Scientists have created a customizable, fabric-like power source that can be cut, folded, or stretched without losing its function. The team has created the wearable a supercapacitor, which works like a fast-charging battery and can be recharged many times.
Crucially, they have made their supercapacitor customizable or "editable," meaning its structure and shape can be changed after it is manufactured, while retaining its function as a power source. Existing stretchable supercapacitors are made into predetermined designs and structures, but the new invention can be stretched multi-directionally, and is less likely to be mismatched when it is joined up to other electrical components.
The new supercapacitor, when edited into a honeycomb-like structure, has the ability to store an electrical charge four times higher than most existing stretchable supercapacitors. In addition, when stretched to four times its original length, it maintains nearly 98 percent of the initial ability to store electrical energy, even after 10,000 stretch-and-release cycles.
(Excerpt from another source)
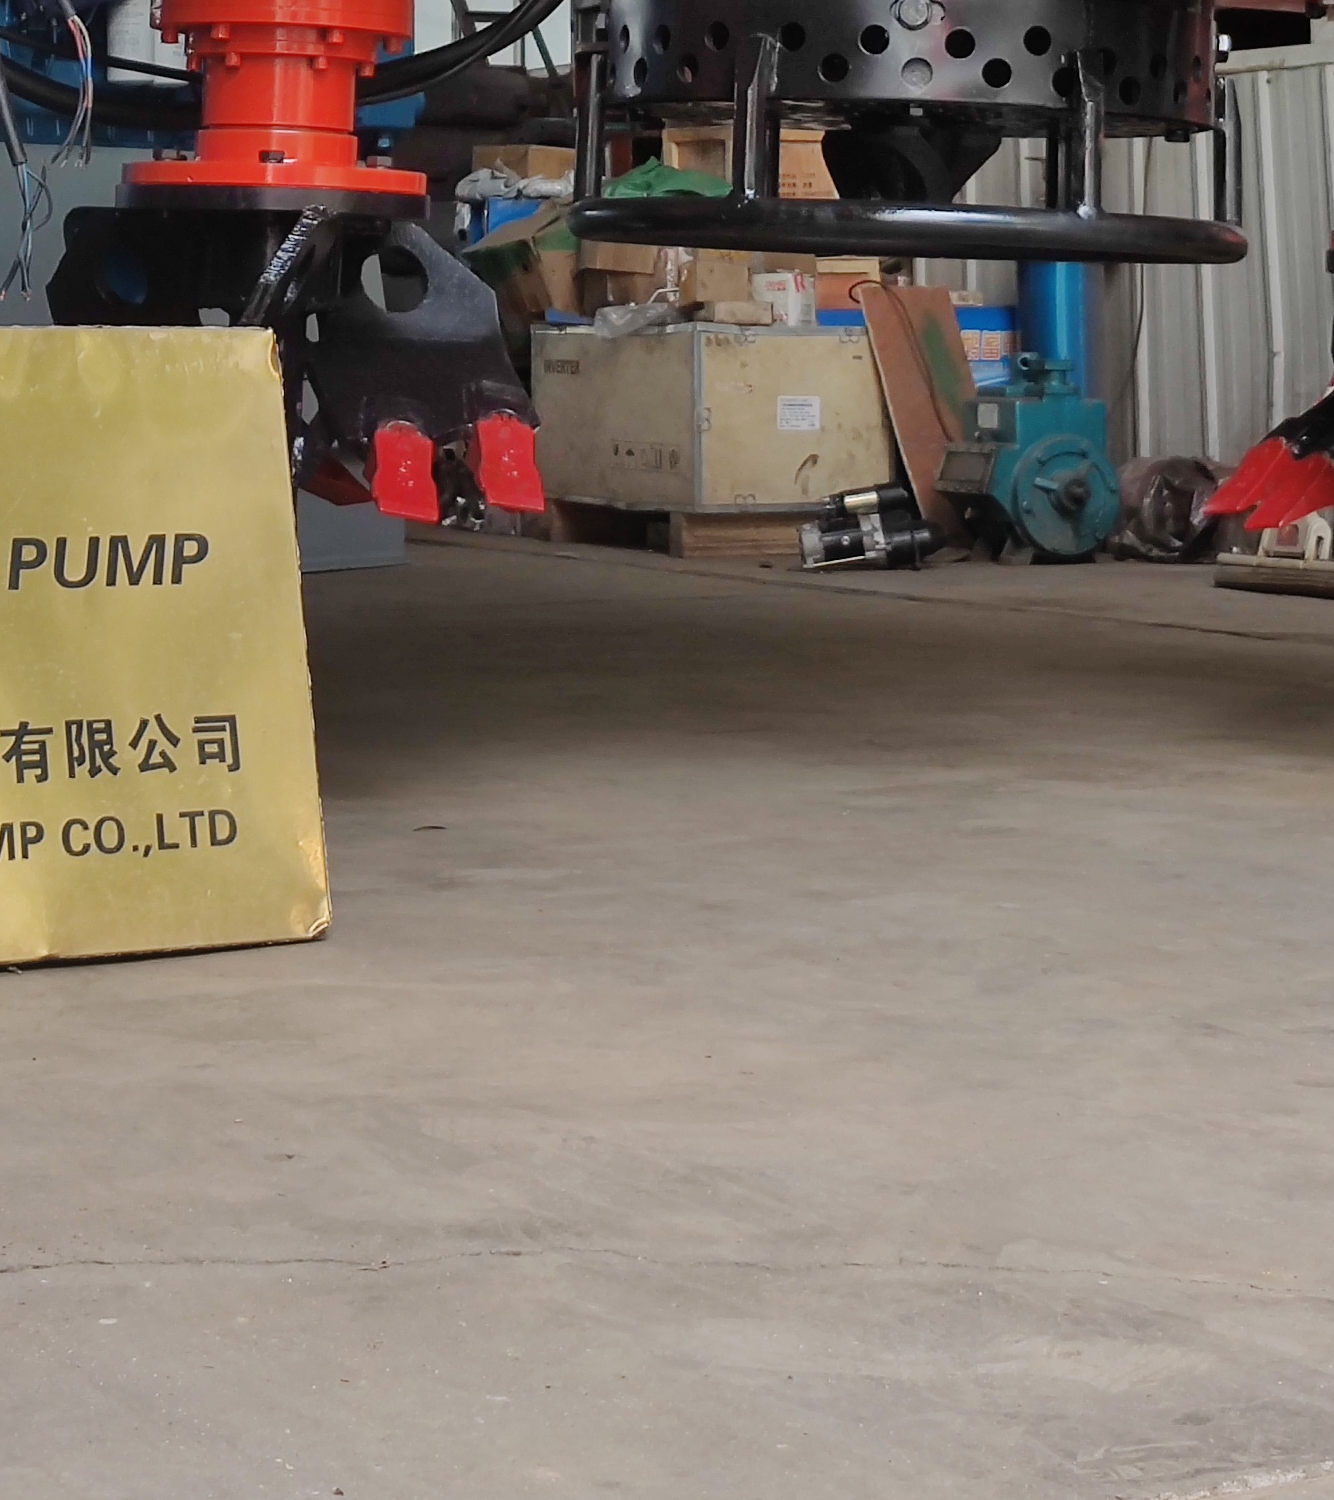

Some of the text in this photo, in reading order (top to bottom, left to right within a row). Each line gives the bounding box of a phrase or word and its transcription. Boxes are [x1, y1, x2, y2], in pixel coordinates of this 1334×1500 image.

[543, 359, 580, 375] INVERTER
[8, 533, 209, 591] PUMP
[61, 809, 238, 858] CO.,LTD
Experiments showed that when the editable supercapacitor was paired with a sensor and placed on the human elbow, the editable supercapacitor was able to provide a stable stream of signals even when the arm was swinging, which are then transmitted wirelessly to external devices, such as one that captures a patient's heart rate.
The editable supercapacitor is made of strengthened manganese dioxide nanowire composite material. While manganese dioxide is a common material for supercapacitors, the ultralong nanowire structure, strengthened with a network of carbon nanotubes and nanocellulose fibers, allows the electrodes to withstand the associated strains during the customization process.